((
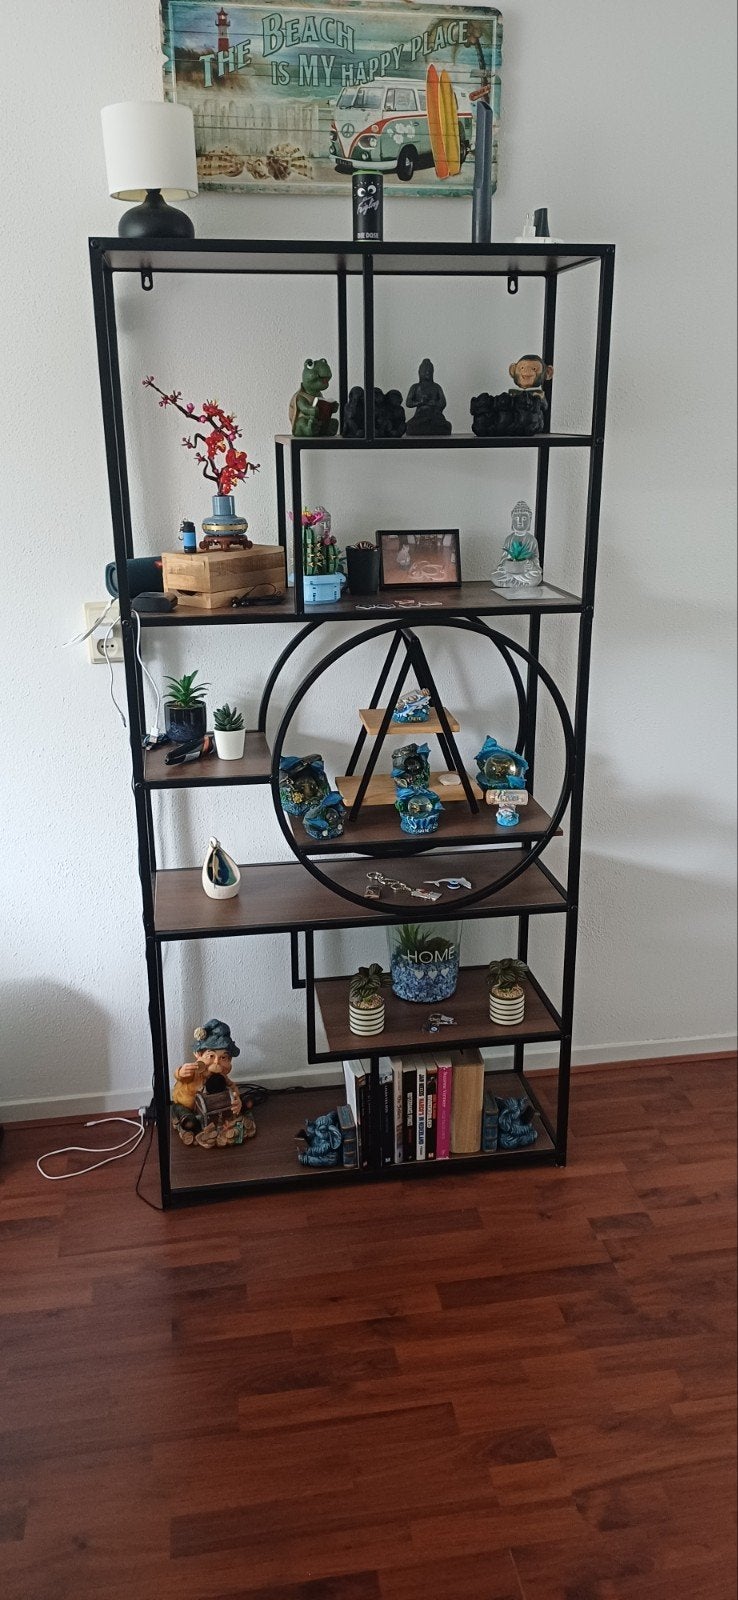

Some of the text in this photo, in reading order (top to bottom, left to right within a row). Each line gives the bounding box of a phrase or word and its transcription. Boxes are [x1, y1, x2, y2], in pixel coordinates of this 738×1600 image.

[199, 13, 354, 88] THE BEACH
[271, 20, 468, 88] IS MY HAPPY PLACE
[407, 945, 455, 964] HOME
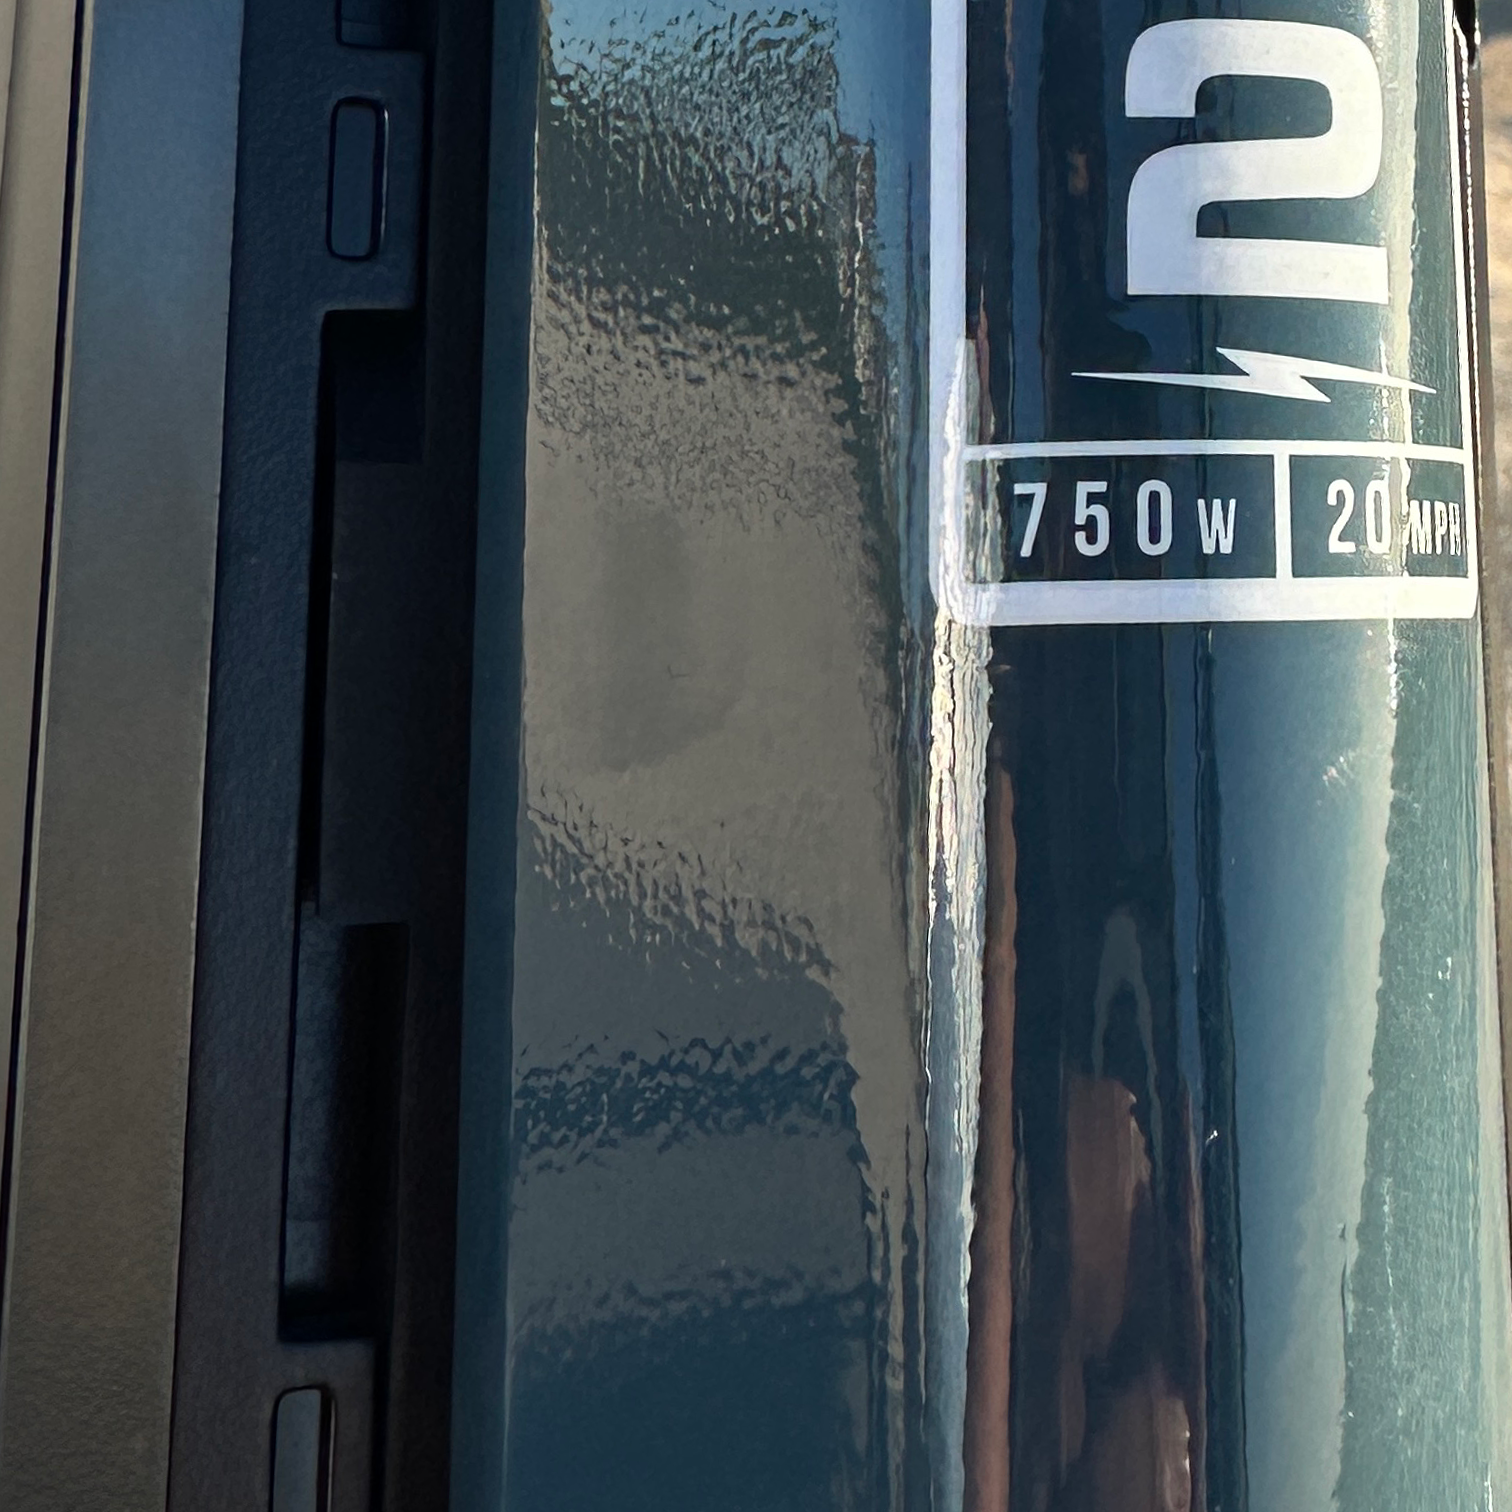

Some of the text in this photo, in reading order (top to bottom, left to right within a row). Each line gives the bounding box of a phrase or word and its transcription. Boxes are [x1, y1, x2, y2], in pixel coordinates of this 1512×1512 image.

[1125, 17, 1389, 305] 2
[1327, 479, 1462, 556] 20 MPH
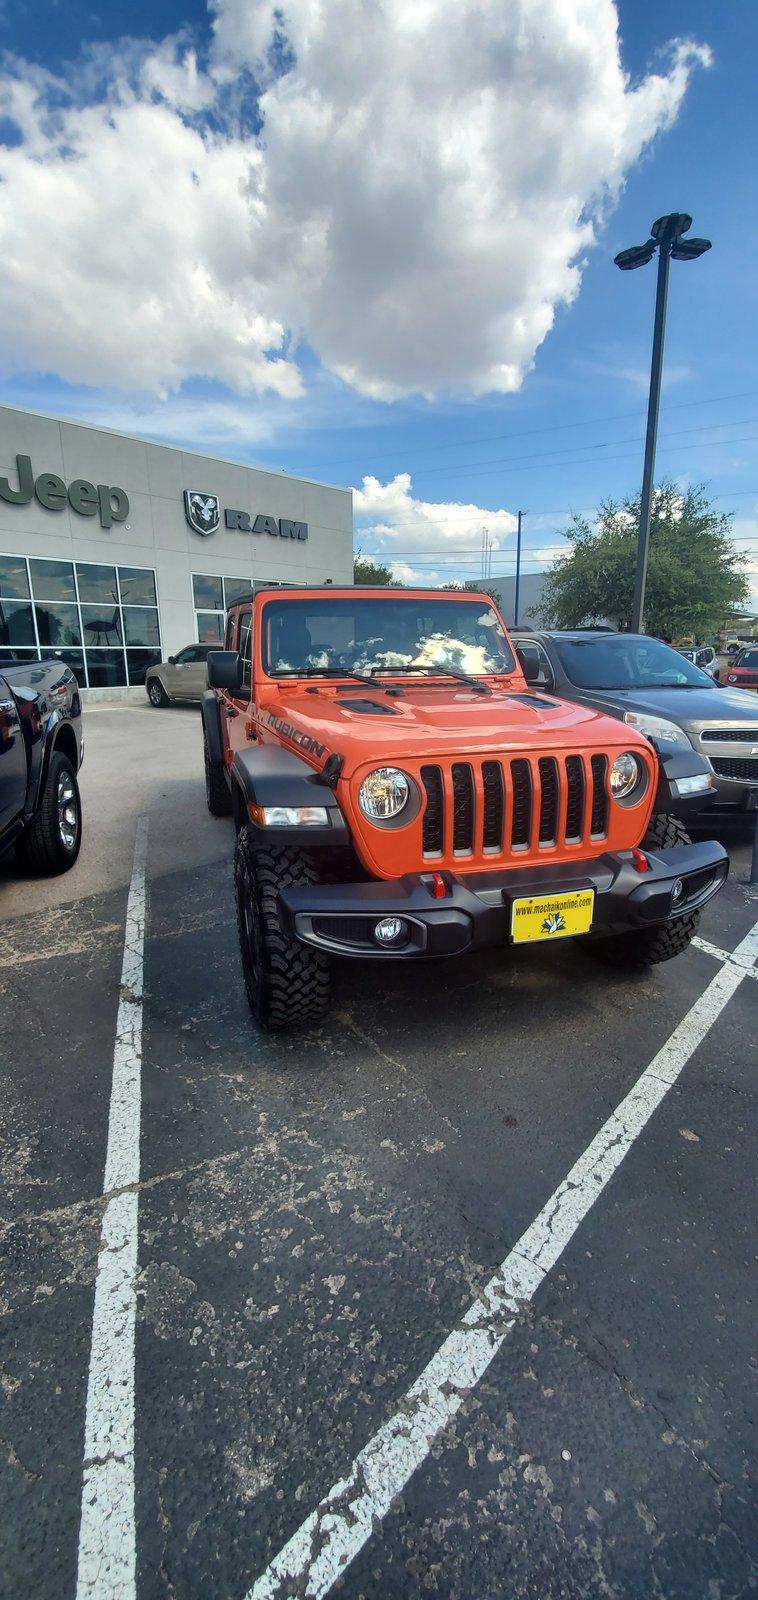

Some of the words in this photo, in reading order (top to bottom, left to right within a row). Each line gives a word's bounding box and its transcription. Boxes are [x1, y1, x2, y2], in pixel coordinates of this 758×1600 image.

[0, 454, 130, 528] Jeep
[225, 508, 309, 540] RAM
[267, 715, 326, 758] RUBICON
[515, 897, 592, 916] www.machaikonline.com
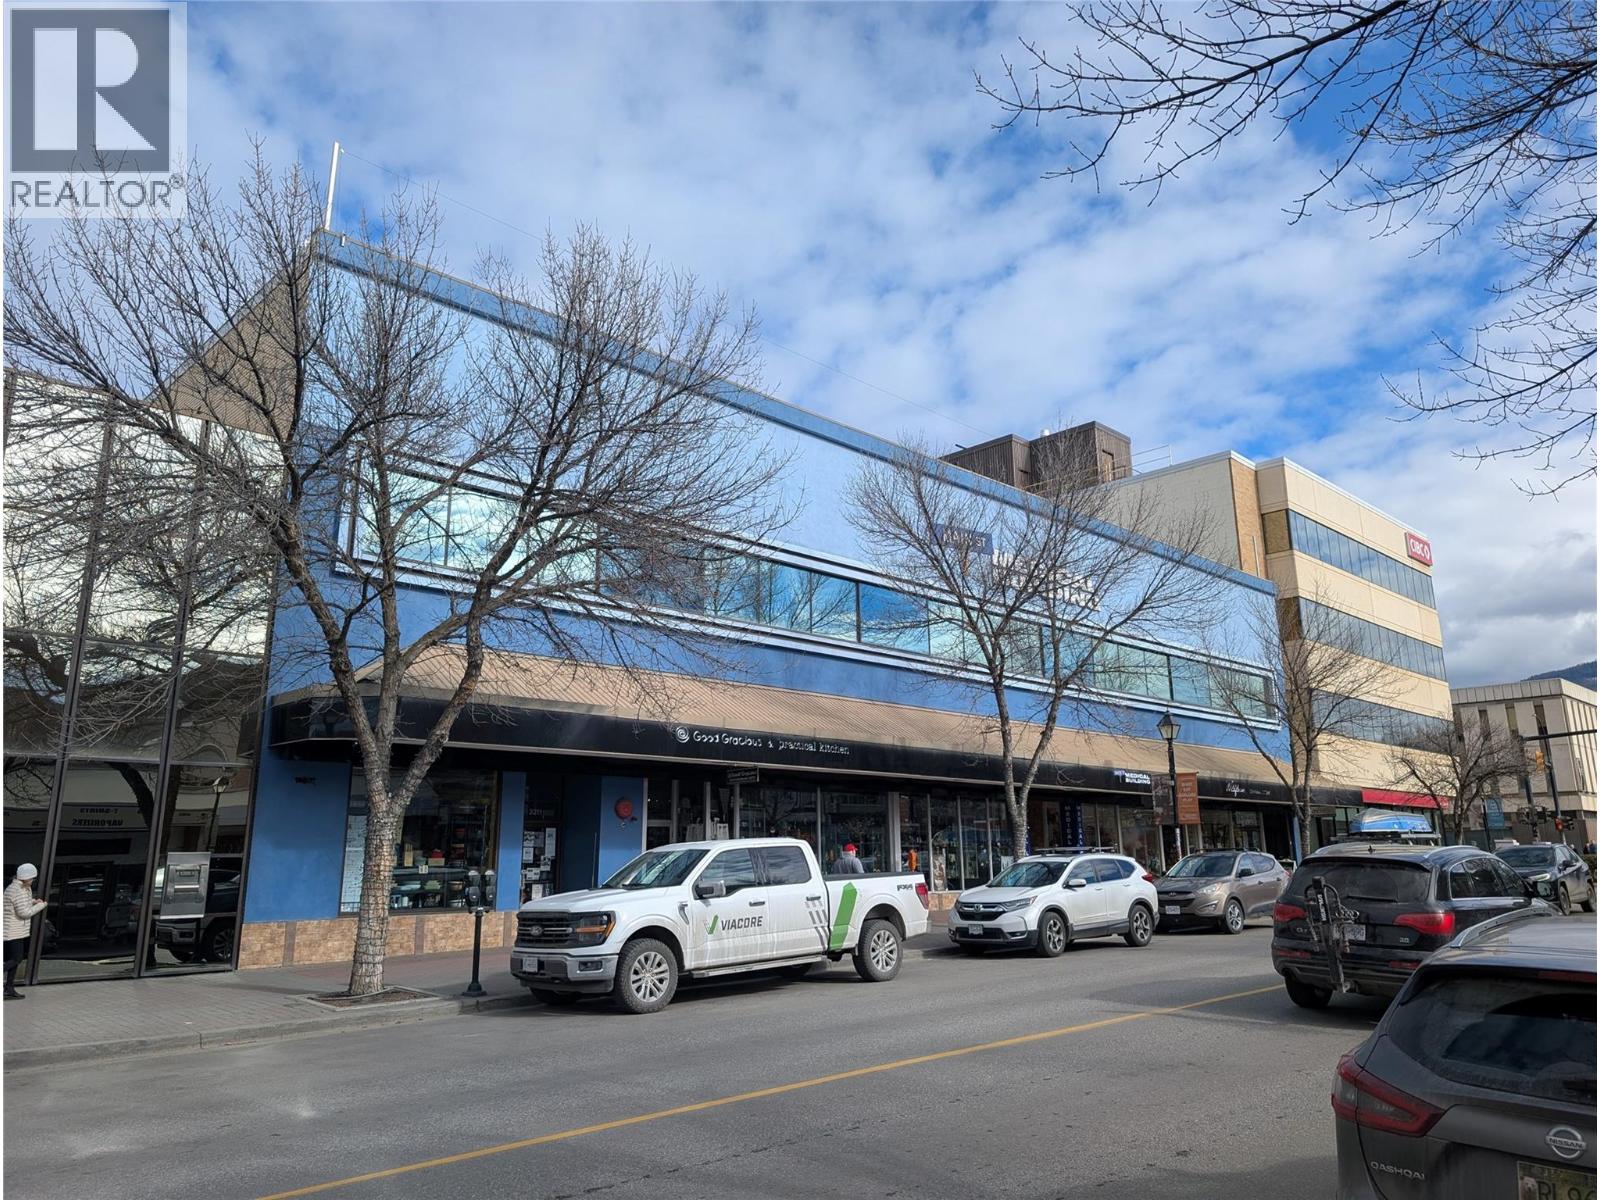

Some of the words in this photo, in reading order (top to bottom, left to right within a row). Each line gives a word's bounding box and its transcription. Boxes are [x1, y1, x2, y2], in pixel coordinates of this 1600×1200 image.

[693, 730, 719, 743] Good
[721, 733, 763, 747] Gracious
[819, 742, 850, 755] kitchen
[1125, 772, 1150, 780] MEDICAL
[721, 915, 763, 931] VIACORE
[1549, 1137, 1583, 1149] NISSAN
))
* Exercise brief
Reproduce the material above exactly, but only from the line with "this 758×1600 image." through its last line, leaving pictures out.

* Result
Some of the words in this photo, in reading order (top to bottom, left to right within a row). Each line gives a word's bounding box and its transcription. Boxes are [x1, y1, x2, y2], in pixel coordinates of this 758×1600 image.

[0, 454, 130, 528] Jeep
[225, 508, 309, 540] RAM
[267, 715, 326, 758] RUBICON
[515, 897, 592, 916] www.machaikonline.com

Some of the words in this photo, in reading order (top to bottom, left to right within a row). Each line gives a word's bounding box and its transcription. Boxes are [x1, y1, x2, y2], in pixel coordinates of this 1600×1200 image.

[693, 730, 719, 743] Good
[721, 733, 763, 747] Gracious
[819, 742, 850, 755] kitchen
[1125, 772, 1150, 780] MEDICAL
[721, 915, 763, 931] VIACORE
[1549, 1137, 1583, 1149] NISSAN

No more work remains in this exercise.